En effet, on dirait que les gens ne consentent à quitter leur foyer que durant les soirées de ramadan, le reste de l'année, Béjaïa est déclarée ville morte dès la tombée de la nuit. Juste après le f'tour, une effervescence sans pareille s'empare des artères de la ville, un véritable raz de marée s'opère et des familles entières se déplacent d'un bout à l'autre de la cité, soit pour rendre visite à des proches, ou tout simplement pour changer d'atmosphère.
Les fourgons de transport public, disponibles en grand nombre, ont réussi à mettre fin au problème de locomotion à Béjaïa et depuis l'instauration de la nouvelle ligne du Boulevard Amirouche, le centre-ville ne désemplit plus au grand bonheur des citoyens qui peuvent désormais se permettre de veiller et de rentrer directement chez eux. Plus loin, du côté de la plaine et de la Nouvelle-ville, c'est un autre spectacle qui vous accueille. La foire d'Ihaddaden attire une foule de curieux et de parents à l'affût d'un effet vestimentaire accessible à leur bourse. Certes, le luxe ici est à écarter. Faute de grives...Nous avons constaté aussi une certaine ruée vers la friperie, et ce, pour pouvoir faire plaisir à ses enfants, tous les moyens sont bons. «Nous sommes obligés de passer par là, nous précise une mère de famille, je viens d'acheter deux robes pour mes filles et un pull en laine pour mon dernier, ce n'est pas du neuf, je vais les laver et les repasser, c'est tout comme et mes enfants auront de quoi s'habiller le jour de l'Aïd, et encore il va falloir que je pense aux gâteaux...»

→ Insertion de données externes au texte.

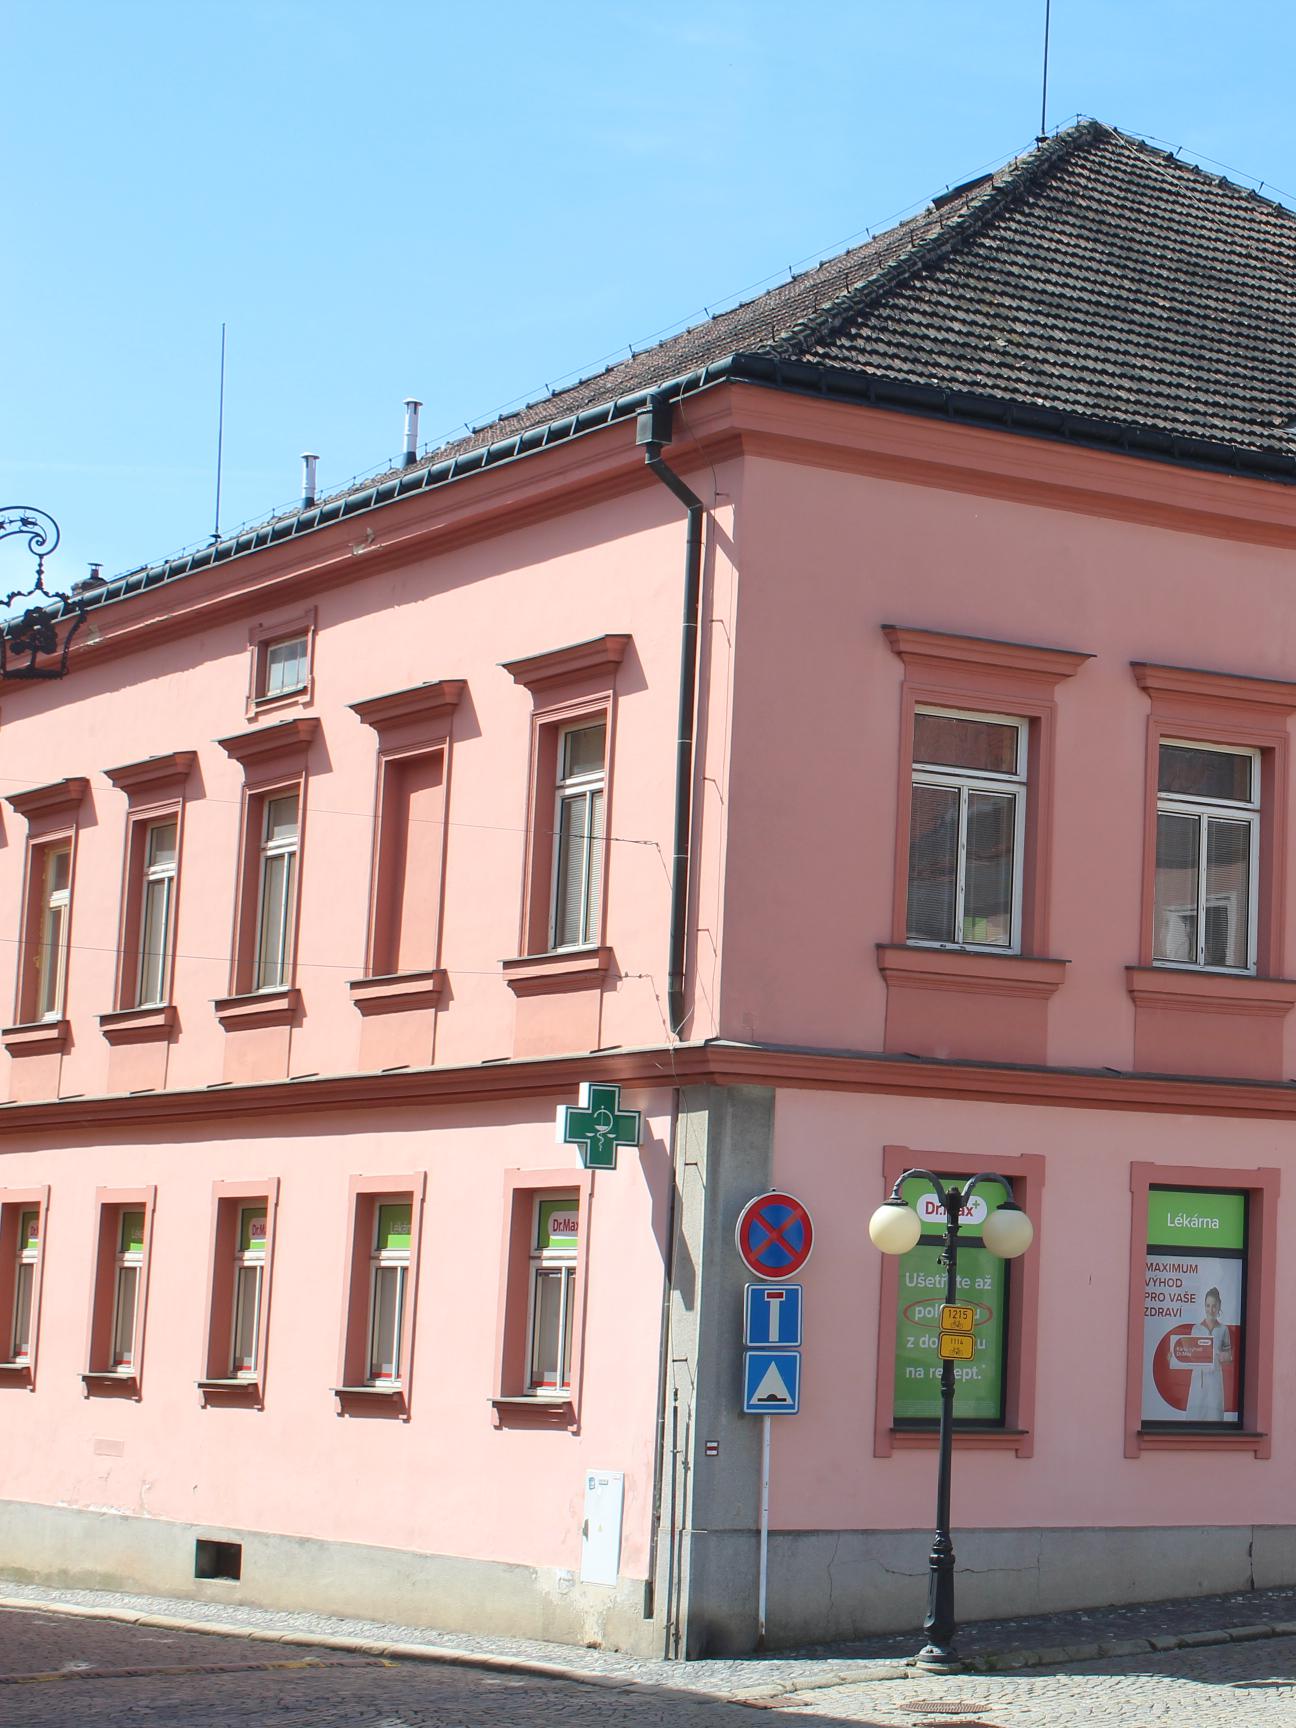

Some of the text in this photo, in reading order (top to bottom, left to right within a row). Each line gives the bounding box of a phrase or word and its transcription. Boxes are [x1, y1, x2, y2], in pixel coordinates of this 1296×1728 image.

[1167, 1210, 1220, 1229] Lékárna
[1145, 1262, 1199, 1274] MAXIMUM
[905, 1272, 992, 1289] Ušetřte až
[1145, 1275, 1183, 1288] VÝHOD
[1144, 1290, 1197, 1304] PRO VAŠE
[948, 1309, 968, 1320] 1215
[1144, 1305, 1182, 1318] ZDRAVÍ
[906, 1366, 924, 1378] na

Parlant de gâteaux, ces derniers ne semblent plus être uniquement l'apanage des femmes, les hommes sont obligés de se mettre de la partie et le calcul de cette autre dépense doit se faire à deux. Le coût d'un kilo d'amande 650 DA à lui seul, décourage les plus hardis, plusieurs ménages d'ailleurs s'abstiennent d'utiliser les amandes dans la préparation de leurs gâteaux, cacahuètes, noix de coco...remplacent cet ingrédient de base. «Bien que le goût ne soit pas le même qu'avec les amandes ou les noix, nos gâteaux sont quand même bons, il faut savoir compenser», nous dira Meriem. Le pouvoir d'achat de plus en plus décadent, ne permet plus aux familles de préparer l'Aïd comme il se doit, finis les grands préparatifs pour cette journée qui avait une place de choix dans les budgets.

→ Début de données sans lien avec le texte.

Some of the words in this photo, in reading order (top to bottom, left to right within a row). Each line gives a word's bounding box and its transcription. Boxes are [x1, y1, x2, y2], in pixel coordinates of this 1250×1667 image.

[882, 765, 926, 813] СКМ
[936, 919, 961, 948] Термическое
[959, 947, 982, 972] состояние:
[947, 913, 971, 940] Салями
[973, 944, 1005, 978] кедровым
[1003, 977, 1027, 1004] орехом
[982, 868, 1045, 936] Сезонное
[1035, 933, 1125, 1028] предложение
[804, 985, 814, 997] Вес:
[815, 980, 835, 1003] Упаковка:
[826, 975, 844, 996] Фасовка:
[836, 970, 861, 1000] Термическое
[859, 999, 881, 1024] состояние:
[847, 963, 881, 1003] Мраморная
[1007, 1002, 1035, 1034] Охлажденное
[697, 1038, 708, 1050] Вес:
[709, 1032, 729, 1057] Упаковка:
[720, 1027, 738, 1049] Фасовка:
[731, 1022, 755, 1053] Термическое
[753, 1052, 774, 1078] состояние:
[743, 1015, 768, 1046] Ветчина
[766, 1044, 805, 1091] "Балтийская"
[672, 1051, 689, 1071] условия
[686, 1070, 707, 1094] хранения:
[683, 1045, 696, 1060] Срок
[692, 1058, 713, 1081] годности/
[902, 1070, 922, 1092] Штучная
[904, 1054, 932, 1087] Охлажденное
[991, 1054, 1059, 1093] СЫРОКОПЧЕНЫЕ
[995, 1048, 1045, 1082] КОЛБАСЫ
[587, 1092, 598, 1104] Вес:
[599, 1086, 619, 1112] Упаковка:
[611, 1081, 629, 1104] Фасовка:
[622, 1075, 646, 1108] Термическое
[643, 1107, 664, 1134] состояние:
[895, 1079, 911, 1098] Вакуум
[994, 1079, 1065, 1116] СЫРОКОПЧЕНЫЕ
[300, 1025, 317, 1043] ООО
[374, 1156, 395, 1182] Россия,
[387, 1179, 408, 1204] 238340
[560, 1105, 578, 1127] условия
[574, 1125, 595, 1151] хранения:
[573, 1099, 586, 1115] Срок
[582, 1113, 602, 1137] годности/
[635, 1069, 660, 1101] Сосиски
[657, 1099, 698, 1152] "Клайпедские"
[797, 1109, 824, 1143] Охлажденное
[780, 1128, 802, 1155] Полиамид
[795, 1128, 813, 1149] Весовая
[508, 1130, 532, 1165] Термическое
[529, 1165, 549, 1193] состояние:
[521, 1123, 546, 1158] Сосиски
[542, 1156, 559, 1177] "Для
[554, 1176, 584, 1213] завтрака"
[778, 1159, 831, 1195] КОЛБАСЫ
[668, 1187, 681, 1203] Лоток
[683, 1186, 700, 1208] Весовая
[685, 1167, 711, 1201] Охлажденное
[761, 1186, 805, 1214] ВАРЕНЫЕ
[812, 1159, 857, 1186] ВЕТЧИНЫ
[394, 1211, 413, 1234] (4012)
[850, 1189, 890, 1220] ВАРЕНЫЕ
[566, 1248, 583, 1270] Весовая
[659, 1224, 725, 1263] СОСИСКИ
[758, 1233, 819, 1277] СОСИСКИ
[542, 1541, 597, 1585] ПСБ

Aujourd'hui, les ménagères sont obligées de réduire les dépenses, ce qui sous-entend de préparer moins de gâteaux et de mets. «Dans le temps, quand l'Aïd avait toute sa signification, nous préparions de bons gâteaux traditionnels», nous dira une vieille dame, «C'était l'époque où les prix des ingrédients étaient accessibles à nos bourses, aujourd'hui, le beurre et les amandes sont, à eux seuls, hors de prix». Tant pis donc pour les gâteaux traditionnels, la plupart des ménagères se rabattront sur les makroutes et autres gâteaux secs, pour ne pas faillir à la tradition et surtout ne pas fêter l'Aïd dans l'indifférence. Malgré tout, nos supérettes sont prises d'assaut et les achats vont bon train, l'Aïd ou pas, les couffins se remplissent et les poches se vident.

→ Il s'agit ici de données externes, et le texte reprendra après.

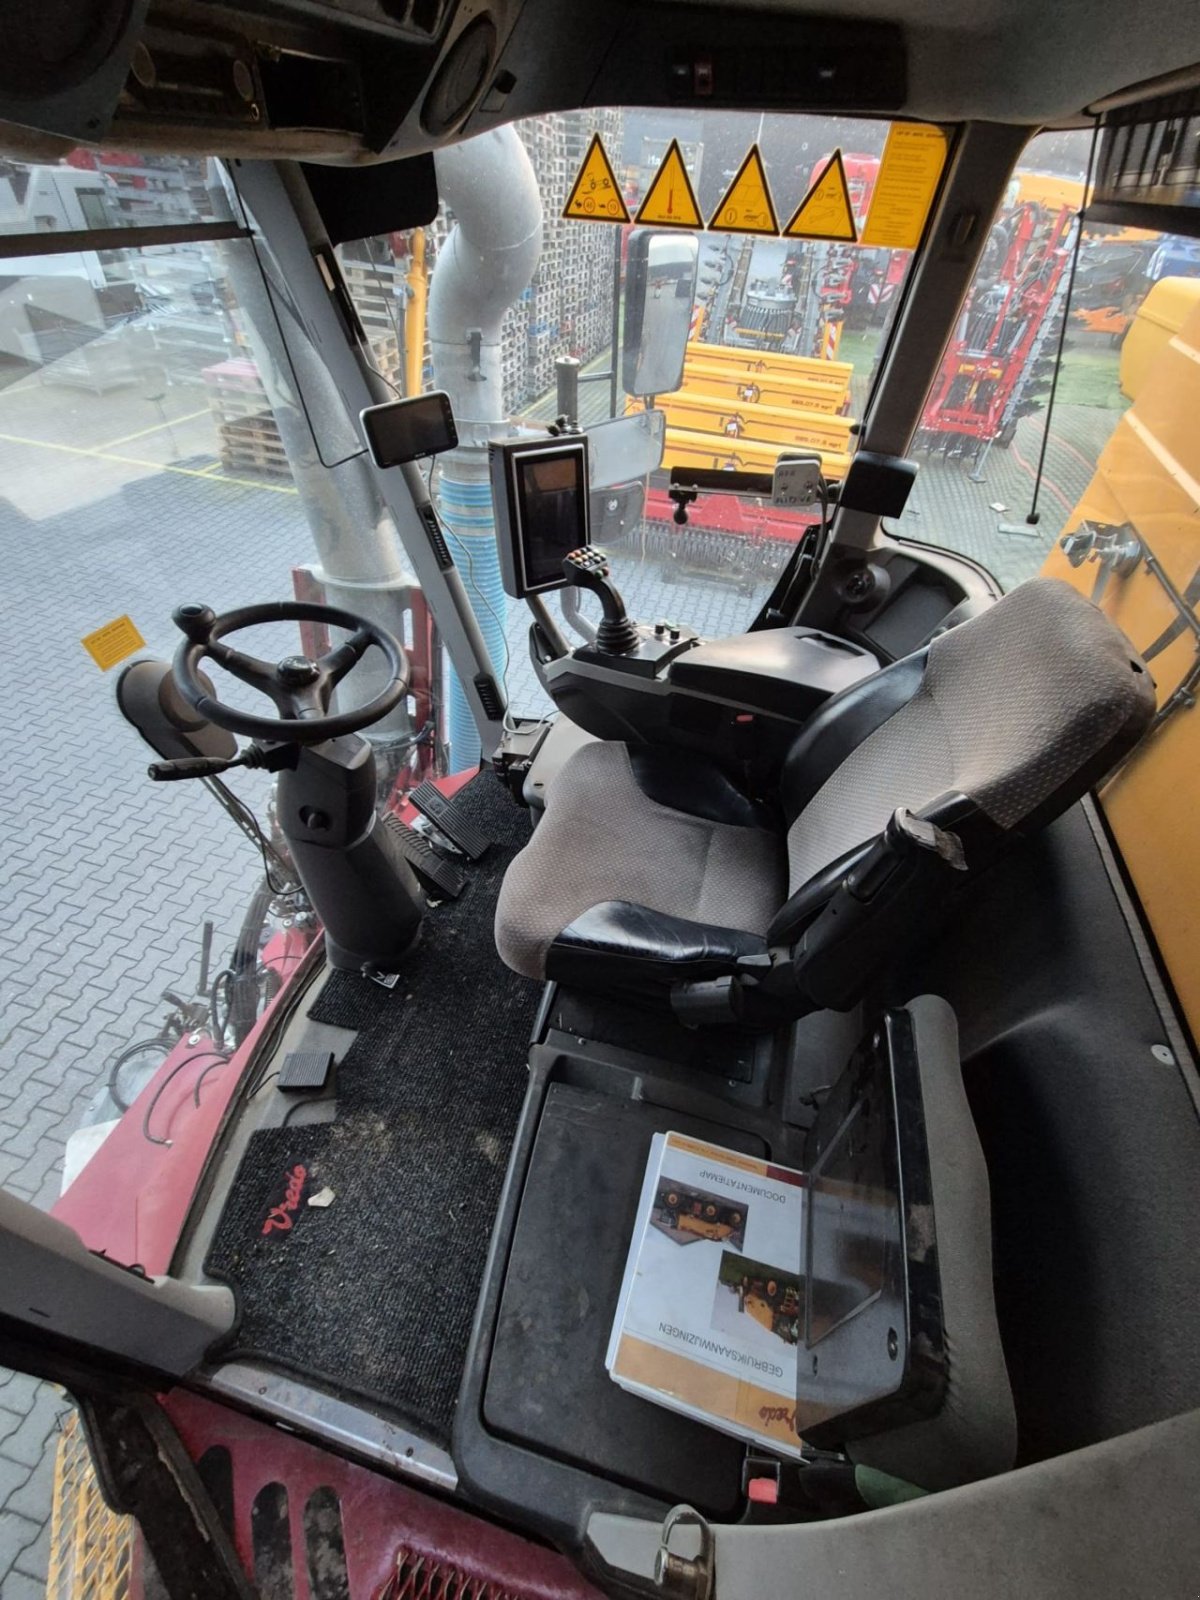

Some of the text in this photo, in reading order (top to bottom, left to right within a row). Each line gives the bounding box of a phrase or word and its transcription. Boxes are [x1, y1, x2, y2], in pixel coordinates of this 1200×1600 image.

[261, 1164, 307, 1235] Vredo
[699, 1170, 787, 1204] DOCUMENTATIEMAP
[658, 1321, 784, 1379] GEBRUIKSAANWIJZINGEN

La nuit s'étire, les rues sont désertes, quelques jeunes esquissent des pas de danse en suivant le rythme d'une chanson raï. Nous nous dégageons difficilement de cette aire de stationnement encombrée de véhicules, tous matricules confondus, le froid de cette nuit a poussé certains commerçants à plier bagages plus tôt que d'habitude, il n'empêche que les cafés et les grandes surfaces sont toujours ouverts.
Nous remontons vers le Vieux Bougie, un tour classique pour humer les odeurs des vieux quartiers, la radio diffusait un morceau de Hadj M'hamed El Anka, ce qui nous rappellera tout d'un coup l'anniversaire de son décès, un hommage particulier lui a d'ailleurs était rendu par la chaîne locale.